▽
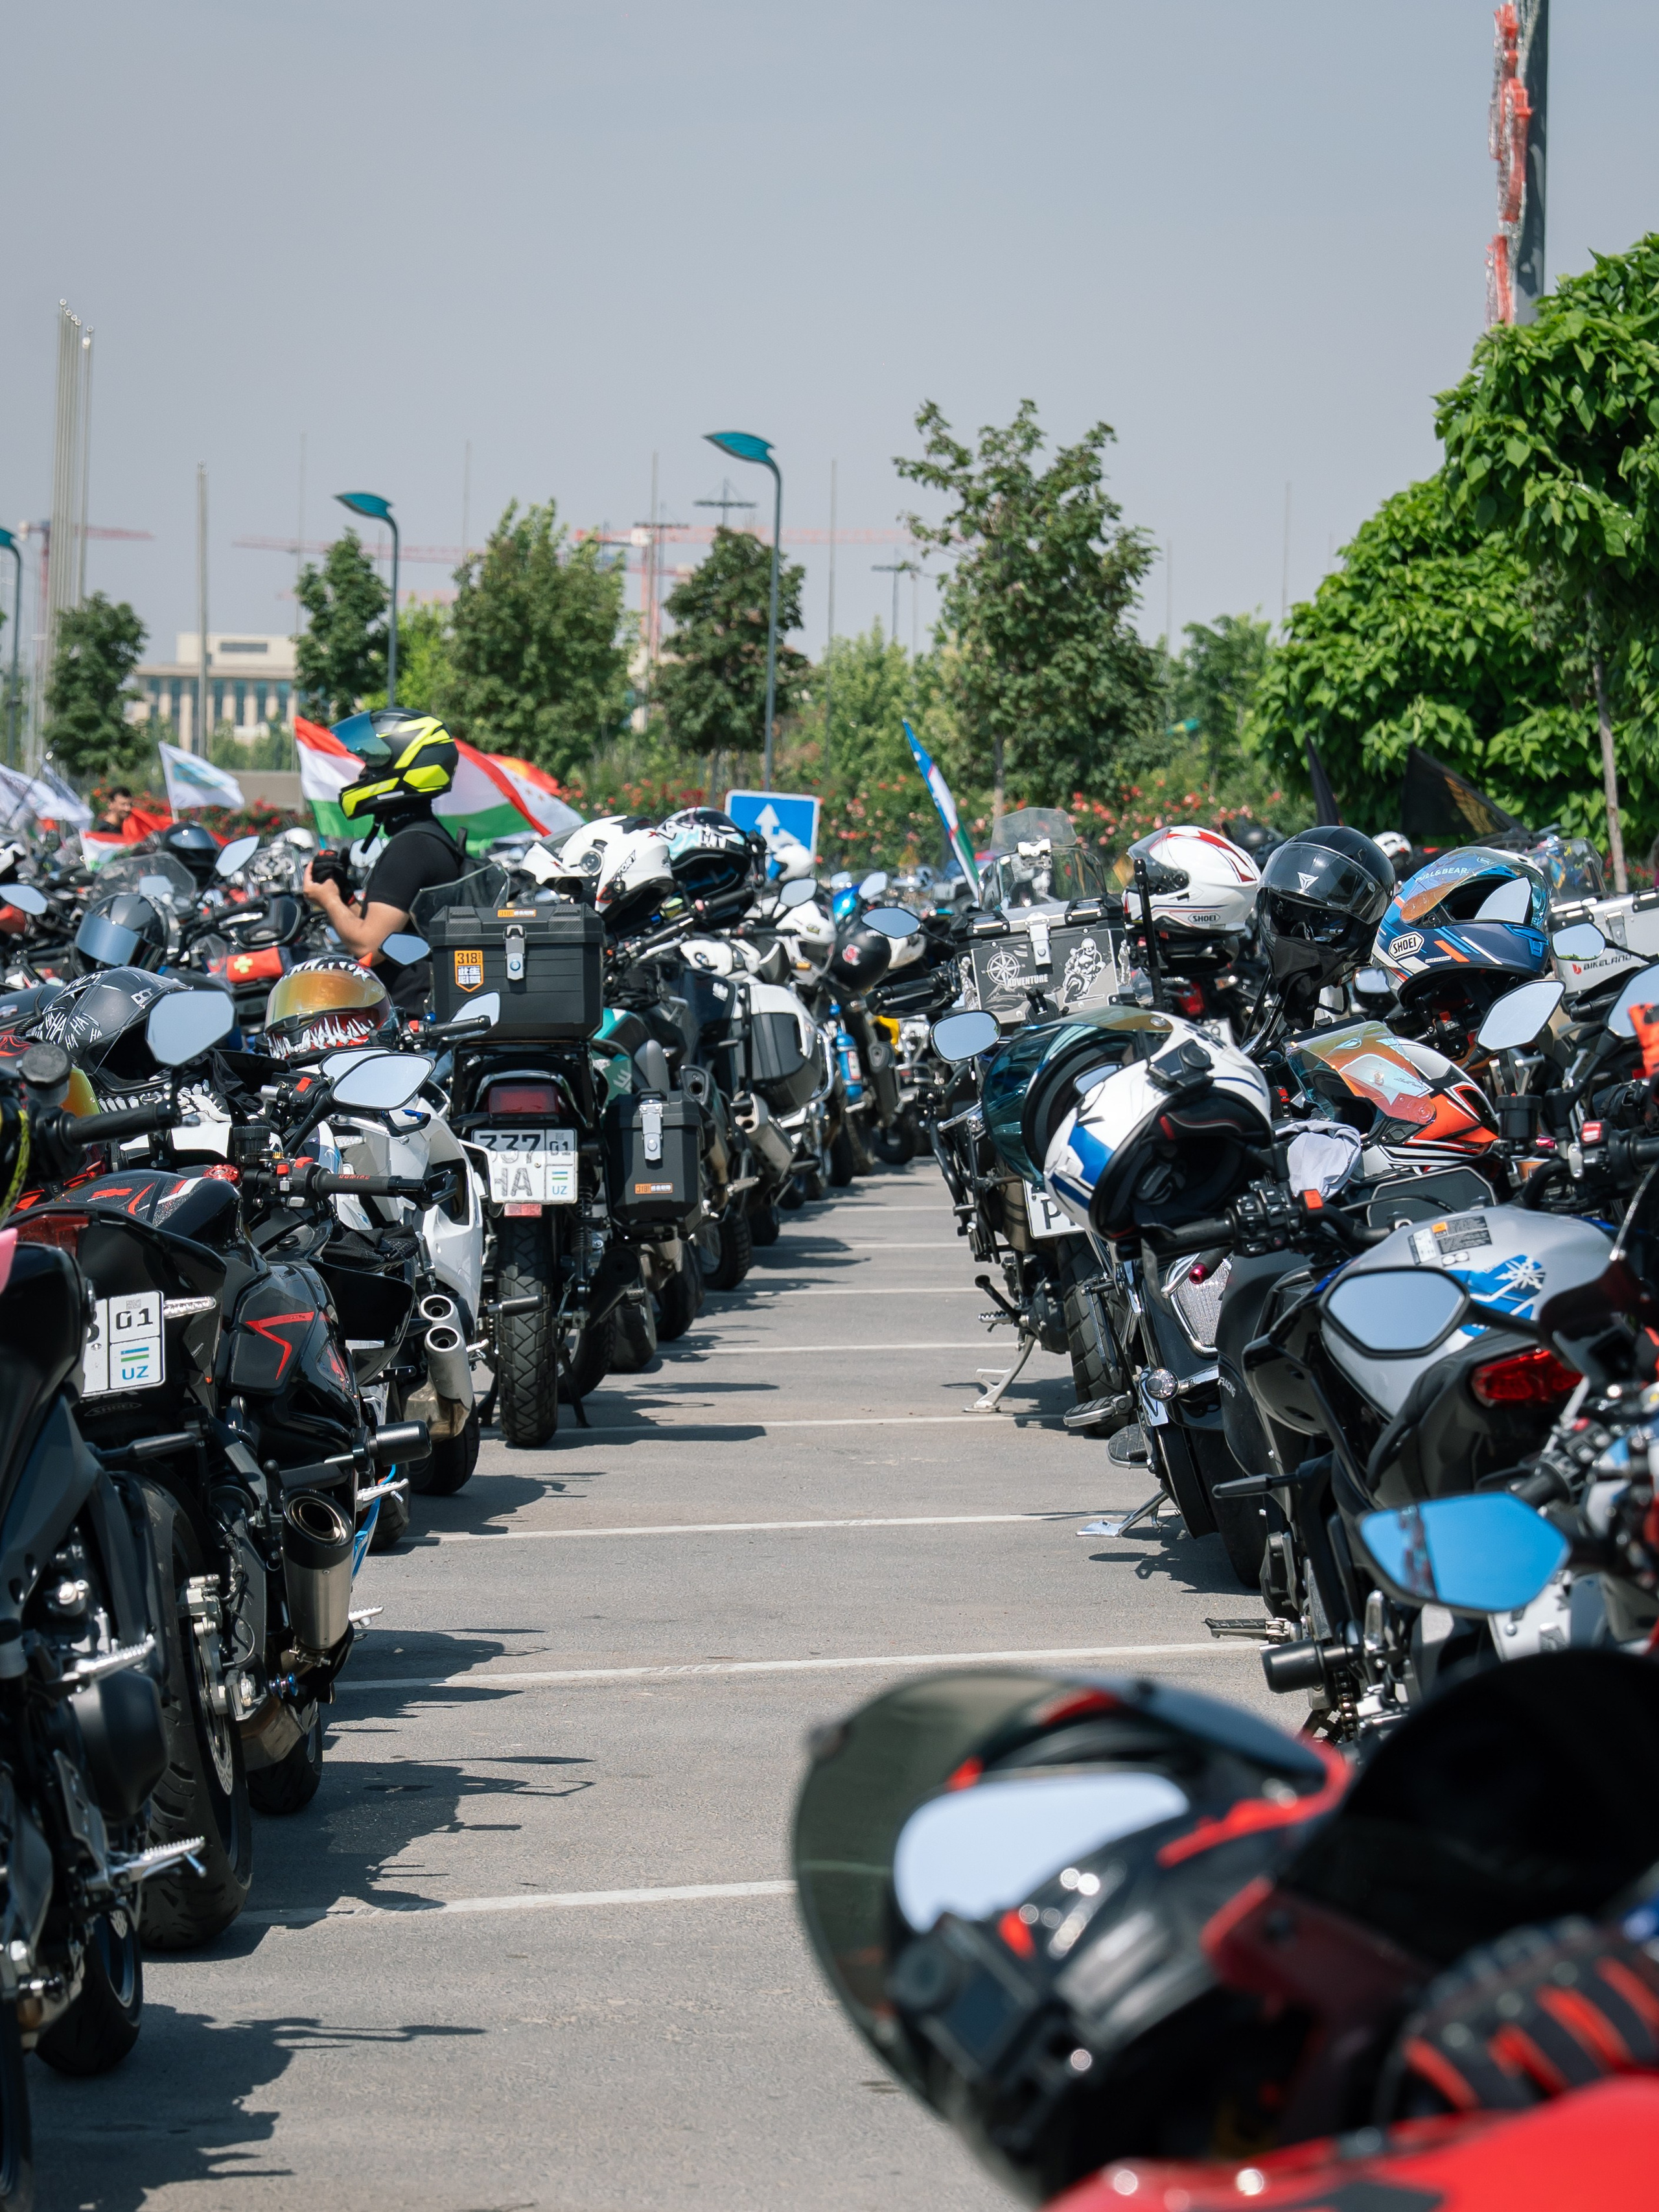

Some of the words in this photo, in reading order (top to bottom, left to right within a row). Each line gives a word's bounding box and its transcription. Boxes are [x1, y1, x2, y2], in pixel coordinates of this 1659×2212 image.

[1393, 937, 1417, 954] SHOEI
[458, 953, 478, 964] 318
[1007, 973, 1049, 987] ADVENTURE
[46, 1012, 67, 1044] HA
[70, 1016, 89, 1036] HA
[65, 1033, 79, 1052] HA
[90, 1028, 102, 1043] HA
[550, 1141, 571, 1156] 01
[552, 1185, 568, 1195] UZ
[116, 1308, 153, 1330] 01
[122, 1365, 149, 1380] UZ
△
Write out each entry above once more, exactly as written, and drop the pictures.

Some of the words in this photo, in reading order (top to bottom, left to right within a row). Each line gives a word's bounding box and its transcription. Boxes are [x1, y1, x2, y2], in pixel coordinates of this 1659×2212 image.

[1393, 937, 1417, 954] SHOEI
[458, 953, 478, 964] 318
[1007, 973, 1049, 987] ADVENTURE
[46, 1012, 67, 1044] HA
[70, 1016, 89, 1036] HA
[65, 1033, 79, 1052] HA
[90, 1028, 102, 1043] HA
[550, 1141, 571, 1156] 01
[552, 1185, 568, 1195] UZ
[116, 1308, 153, 1330] 01
[122, 1365, 149, 1380] UZ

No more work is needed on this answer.